È una mostra organizzata dall’Associazione nazionale Venezia Giulia Dalmazia, in occasione del Giorno del Ricordo, a inaugurare, da giovedì 5 febbraio, la sala ex Poste nella sua nuova destinazione di spazio aperto alle esposizioni temporanee curate, preferibilmente, da soggetti senza scopo di lucro.

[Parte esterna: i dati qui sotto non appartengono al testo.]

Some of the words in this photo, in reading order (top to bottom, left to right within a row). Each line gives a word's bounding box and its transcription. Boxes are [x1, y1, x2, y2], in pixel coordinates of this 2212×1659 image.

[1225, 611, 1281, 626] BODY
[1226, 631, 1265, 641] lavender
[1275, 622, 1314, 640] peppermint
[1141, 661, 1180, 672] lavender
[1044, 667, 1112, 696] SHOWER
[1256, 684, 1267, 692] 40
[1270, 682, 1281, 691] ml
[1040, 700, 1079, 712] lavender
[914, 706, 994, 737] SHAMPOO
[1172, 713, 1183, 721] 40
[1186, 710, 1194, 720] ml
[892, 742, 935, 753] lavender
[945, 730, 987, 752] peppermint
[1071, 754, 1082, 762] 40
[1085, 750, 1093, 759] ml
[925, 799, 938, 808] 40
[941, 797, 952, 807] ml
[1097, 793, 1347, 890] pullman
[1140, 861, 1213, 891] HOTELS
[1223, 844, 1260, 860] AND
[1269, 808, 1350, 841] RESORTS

E sono sei, complessivamente, le mostre e le attività già programmate, a seguito della prima finestra di presentazione delle richieste, per il primo semestre 2026: dal 2 marzo l’esposizione fotografica di vedute di Carpi promossa dal circolo Cabassi (fino al 23 marzo) a cui segue “Out of sea”, anche in questo caso una mostra di fotografie, curata dall’associazione Africa libera, che espone immagini realizzate sulle navi che salvano i migranti in mare (dal 27 marzo al 27 aprile). Dal 28 aprile all’11 maggio, la sala sarà a disposizione della manifestazione Playtime, dedicata al gioco, mentre dal 29 maggio all’8 giugno saranno esposti gli esiti di un concorso con le scuole organizzato dal Rotary Club Carpi. Infine, dal 9 al 23 giugno, è in programma la mostra di fine anno dei lavori realizzati dagli allievi del Centro arti figurative.

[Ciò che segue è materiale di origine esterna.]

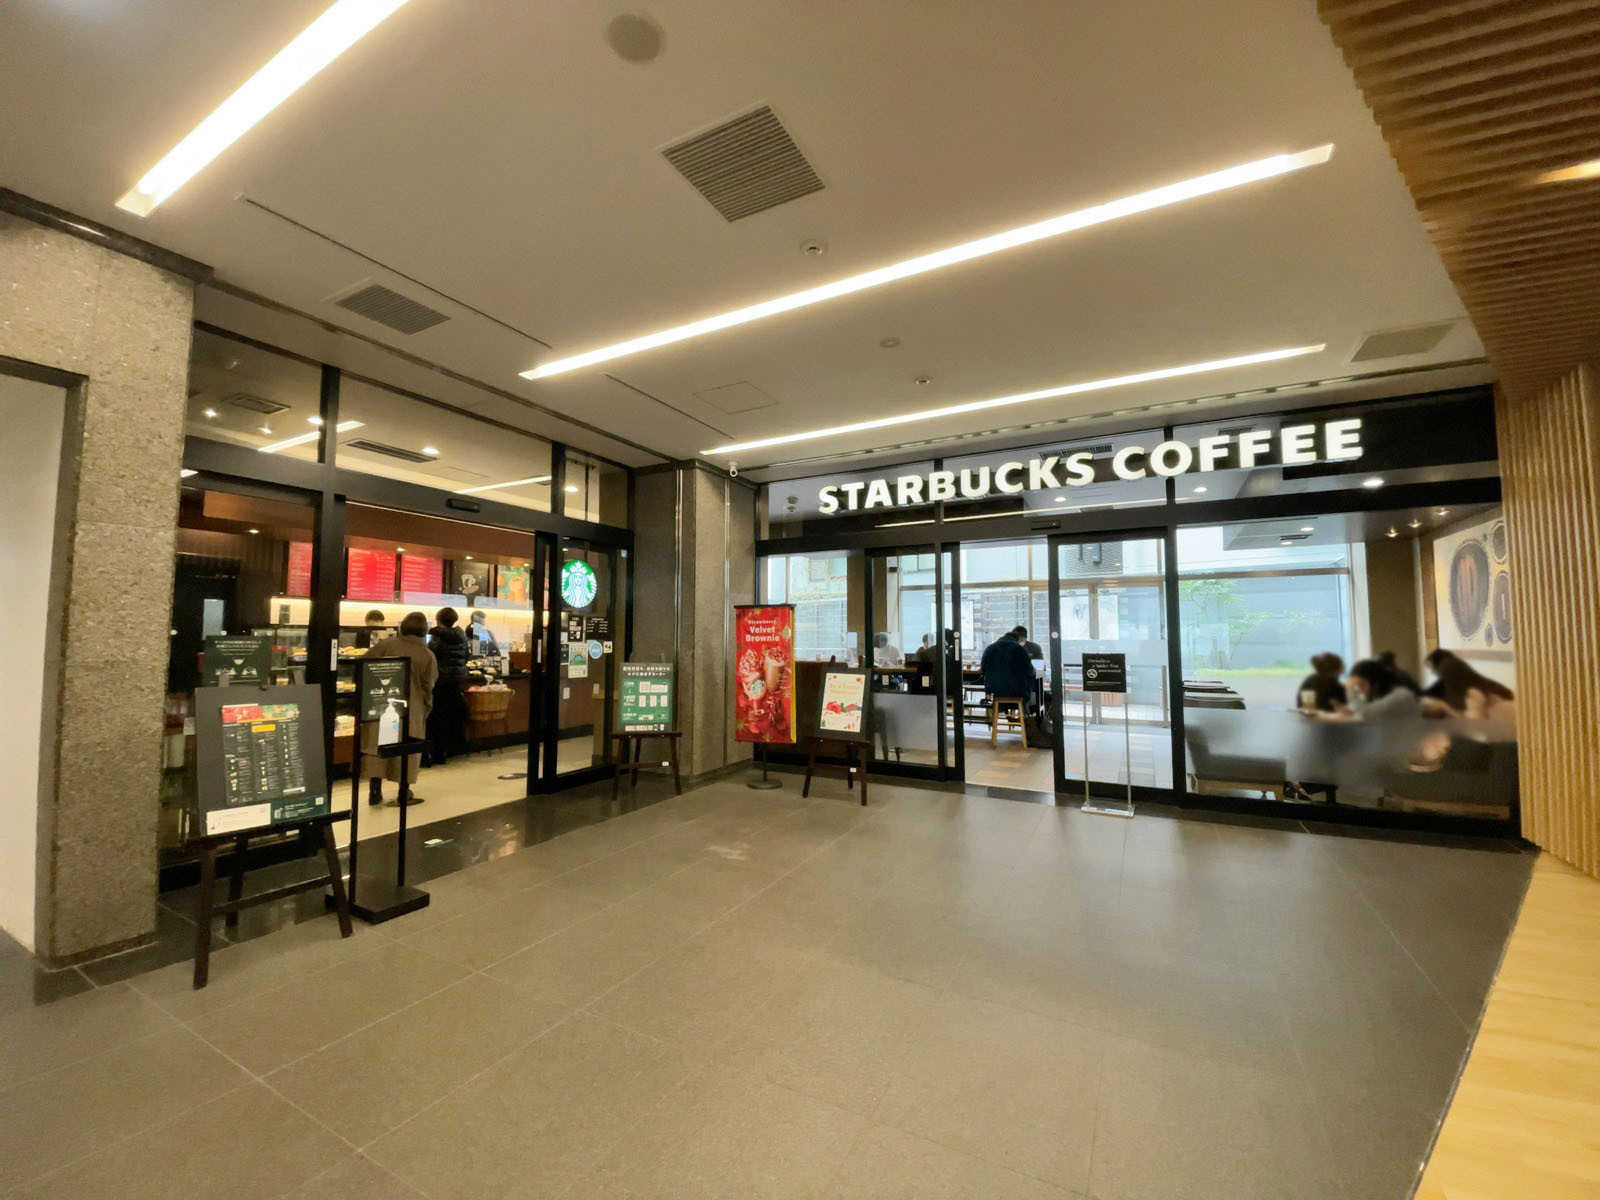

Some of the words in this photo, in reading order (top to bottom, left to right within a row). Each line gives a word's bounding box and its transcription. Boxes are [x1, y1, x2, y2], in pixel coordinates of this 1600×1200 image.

“Il primo semestre di programmazione della sala ex Poste – commenta l’assessore alla Cultura del Comune di Carpi Giuliano Albarani – conferma i due presupposti da cui eravamo partiti: la ricchezza di progettualità delle associazioni del territorio e il fabbisogno diffuso di spazi espositivi qualificati e visibili. Confidiamo nella concreta possibilità che il palinsesto della sala, a partire dalla seconda metà del 2026, permanga ricco e diversificato, con mostre, installazioni, laboratori, e che possa in questo modo contribuire all’ulteriore arricchimento dell’offerta di servizi, rassegne ed eventi, già molto ampia e apprezzata, presente a Palazzo dei Pio”.
La mostra “Istria, Fiume e Dalmazia”, allestita in occasione del Giorno del Ricordo, in memoria delle vittime delle foibe e dell’esodo giuliano-dalmata ripercorre con approccio storico-didattico il periodo che va dalla fine dell’impero asburgico al Trattato di Osimo del 1975. L’obiettivo del progetto espositivo è ricostruire un tassello importante della memoria collettiva raccontando le vicende che hanno portato a creare nelle strutture dell’ex campo di Fossoli il villaggio San Marco che, dal 1954, ospitò per quindici anni le famiglie di italiani esuli dal territorio nordoccidentale dell’Istria che, con la sottoscrizione del Memorandum di Londra firmato in quell’anno, veniva integrato definitivamente nell’amministrazione jugoslava. La mostra sarà visitabile fino a lunedì 16 febbraio,
A partire dall’1 marzo sarà possibile presentare le richieste per utilizzare la sala ex Poste nel secondo semestre 2026. I soggetti giuridici senza scopo di lucro, come associazioni del terzo settore, associazione di promozione sociale, fondazioni, potranno utilizzare la sala senza corrispondere alcuna tariffa (ma facendosi carico di tutte le spese). Per gli altri soggetti, invece, è prevista una tariffazione corrispondente ai giorni di utilizzo (oltre al pagamento delle spese). La sala può essere richiesta per periodi standard che sono tre: fino a un massimo di 10 giorni, fino a un massimo di 14 giorni, fino a un massimo di 21 giorni. La sala può essere richiesta anche per un massimo di 60 giorni, purché il richiedente garantisca che sarà aperta al pubblico per almeno 40 giorni o per il 70% del periodo richiesto.
L’amministrazione concederà la sala in base all’ordine di arrivo delle domande, ma si riserva di non accogliere, a proprio insindacabile giudizio, le proposte che, pur corrette nella forma, presentino elementi inappropriati alla fruizione pubblica, a carattere politico, religioso o propagandistico di qualsivoglia opinione o in qualsiasi modo dannosi per l’immagine del Comune di Carpi.
Tutte le informazioni sulle modalità di richiesta e i moduli per presentare i progetti sono disponibili nella sezione dedicata sul sito del Comune (www.comune.carpi.mo.it/carta-dei-servizi/noleggio-e-concessione-sale-e-spazi-comunali/).